The term ‘structuralism’ can be applied to any analysis that emphasizes structures and relations, but it usually designates a twentieth-century European (especially French) school of thought that applies the methods of structural linguistics to the study of social and cultural phenomena. Starting from the insight that social and cultural phenomena are not physical objects and events but objects and events with meaning, and that their signification must therefore be a focus of analysis, structuralists reject causal analysis and any attempt to explain social and cultural phenomena one-by-one. Rather, they focus on the internal structure of cultural objects and, more importantly, the underlying structures that make them possible. To investigate neckties, for instance, structuralism would attempt to reconstruct (1) the internal structure of neckties (the oppositions – wide/narrow, loud/subdued – that enable different sorts of neckties to bear different meanings for members of a culture) and (2) the underlying ‘vestimentary’ structures or system of a given culture (how do neckties relate to other items of clothing and the wearing of neckties to other socially-coded actions).

Ferdinand de Saussure, the founder of structural linguistics, insists that to study language, analysts must describe a linguistic system, which consists of structures, not substance.

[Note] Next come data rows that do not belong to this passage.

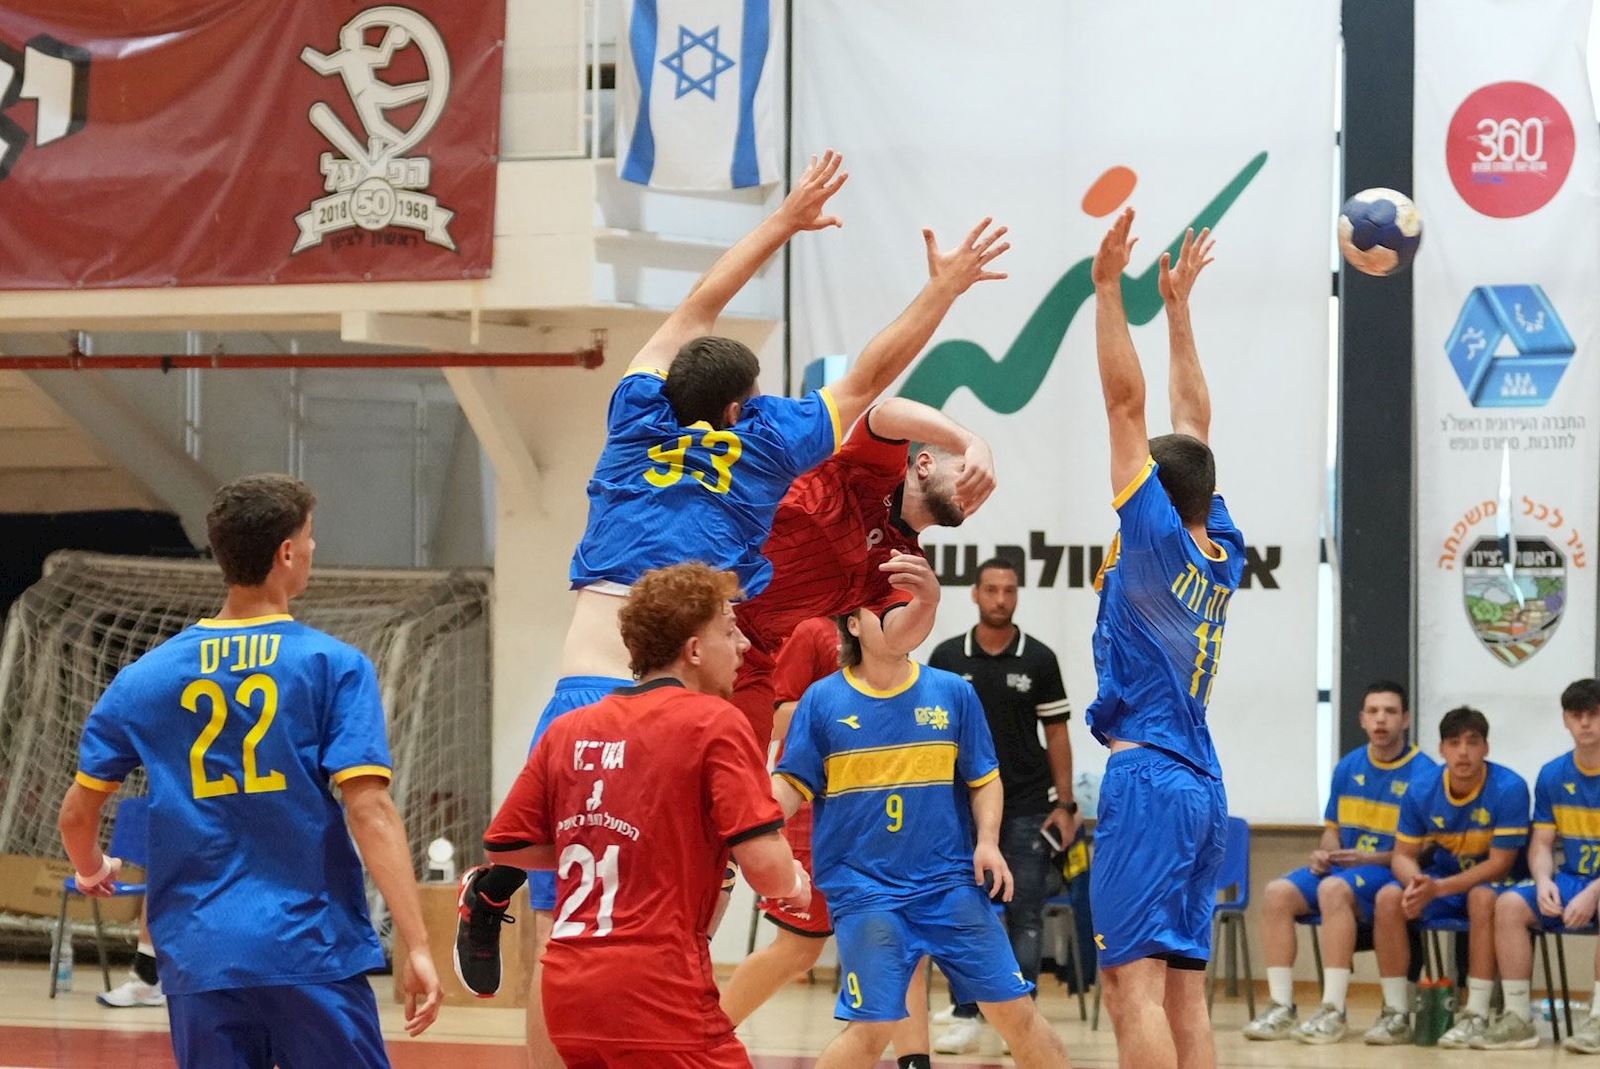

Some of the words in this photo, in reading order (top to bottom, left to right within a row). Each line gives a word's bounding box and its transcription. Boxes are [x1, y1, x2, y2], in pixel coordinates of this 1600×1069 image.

[319, 200, 348, 224] 2018
[399, 200, 429, 221] 1968
[355, 188, 392, 216] 50
[1520, 495, 1564, 529] לכל
[1189, 622, 1223, 707] 11
[180, 673, 288, 800] 22
[603, 812, 641, 841] הפועל
[885, 793, 903, 833] 9
[550, 843, 620, 939] 21
[847, 971, 863, 1009] 9

The physical sound of a word or sign is irrelevant to its linguistic function: what counts are the relations, the contrasts, that differentiate signs. Thus in Morse code a beginner’s dot may be longer than an expert’s dash: the structural relation, the distinction, between dot and dash is what matters.

For structuralism, the crucial point is that the object of analysis is not the corpus of utterances linguists might collect, that which Saussure identifies as parole (speech), but the underlying system (la langue), a set of formal elements defined in relation to each other and which can be variously combined to form sentences. Arguing that the analysis of systems of relation is the appropriate way to study human phenomena, that our world consists not of things but of relations, structuralists often claim to provide a new paradigm for the human sciences. In France, structuralism displaced existentialism in the 1960s as a public philosophical movement. Philosophically, proponents of structuralism have been concerned to distinguish it from phenomenology.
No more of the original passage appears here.